Im Bereich Automotive, besonders E-Mobilität und Chassis & Brakes, sehen wir uns auf einem sehr guten Weg. Unsere Zahlen in Korrelation zu den Marktdaten bestätigen uns, dass wir weiterhin Marktanteile gewinnen. In der Luftfahrt entwickelt sich der Bereich Bohren und Fräsen von CFK-Werkstoffen sehr positiv. Den Werkzeug- und Formenbau mussten wir uns wirklich von Grund auf erschließen. Wir sind auf dem Weg, unsere Leistungen sichtbar, aber hier ist definitiv Luft nach oben. In der Fluidtechnik schließlich, die für uns bei MAPAL ja in gewisser Weise ein „back to the roots“ ist, denn von diesen Bearbeitungen kommt MAPAL her, sehen wir nennenswerte Fortschritte. 

Wo liegen aktuell die Entwicklungsschwerpunkte?
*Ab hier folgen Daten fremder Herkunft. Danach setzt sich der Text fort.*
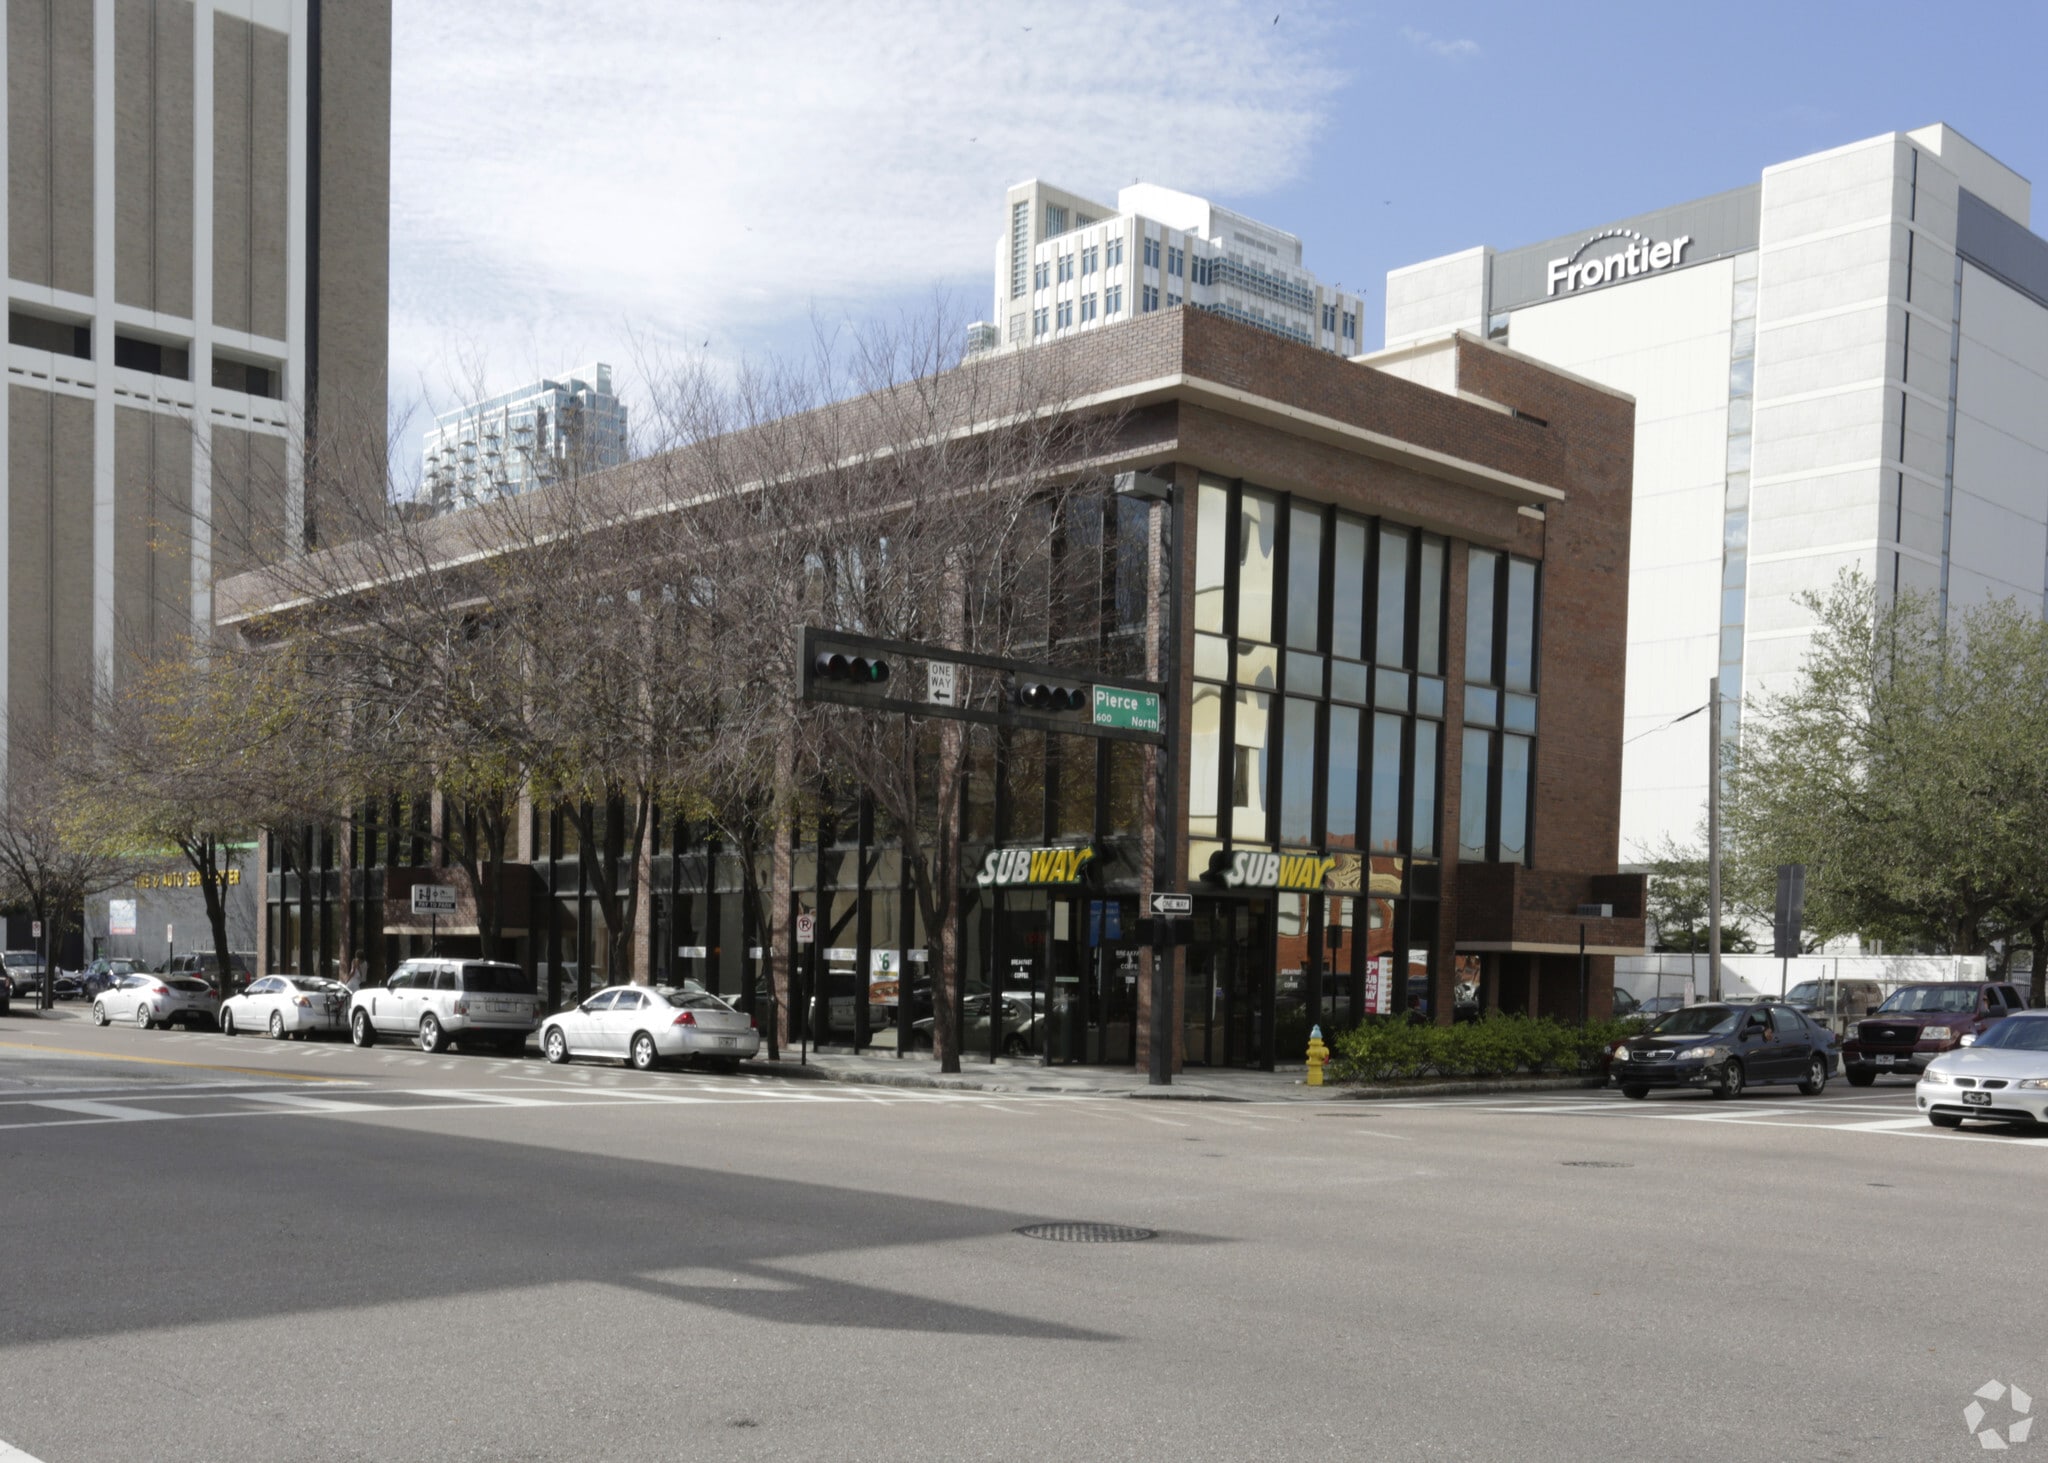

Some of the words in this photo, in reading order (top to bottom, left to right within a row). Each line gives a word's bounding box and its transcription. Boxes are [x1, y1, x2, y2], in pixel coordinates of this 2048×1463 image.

[1547, 234, 1689, 296] Frontier
[932, 664, 951, 677] ONE
[931, 676, 951, 688] WAY
[1096, 690, 1138, 710] Pierce
[1145, 697, 1156, 706] ST
[1096, 713, 1112, 723] 600
[1131, 716, 1157, 729] North
[976, 846, 1093, 887] SUBWAY
[1224, 851, 1336, 889] SUBWAY
[163, 871, 184, 888] AUTO
[1162, 900, 1173, 908] ONE
Schwerpunkte in der Entwicklung liegen nach wie vor auf den Applikationen für den Bereich „New Mobility“. Trotzdem vernachlässigen wir keinesfalls Anwendungen für unser angestammtes Kerngeschäft im Automotive-Sektor, auch hier gibt es kontinuierlich Innovationen. Die Werkstoffe Aluminium, Titan und CFK sind ein weiterer Fokus der Entwicklungstätigkeiten, das wird sich in diesem Jahr auch konkret in neuen Produktreihen für Aluminiumbearbeitungen der Automotive- und der Aerospaceindustrie zeigen. Dazu kommen tiefe Bohrungen und die Präzisionsbohrungsbearbeitung. 
Das Bild zeigt die zur EMO 2023 neu vorgestellten Aluminium-Hochvolumenfraeser.
Der Werkstoff Aluminium ist ein wichtiger Schwerpunkt der Entwicklungstätigkeiten. Die neuen Aluminium-Hochvolumenfräser wurden zur EMO 2023 erstmals vorgestellt.   ©MAPAL

Neben dem Fokus auf Prozesslösungen für konkrete Bauteile hat MAPAL in den vergangenen Jahren konsequent sein Standardportfolio auf- und ausgebaut.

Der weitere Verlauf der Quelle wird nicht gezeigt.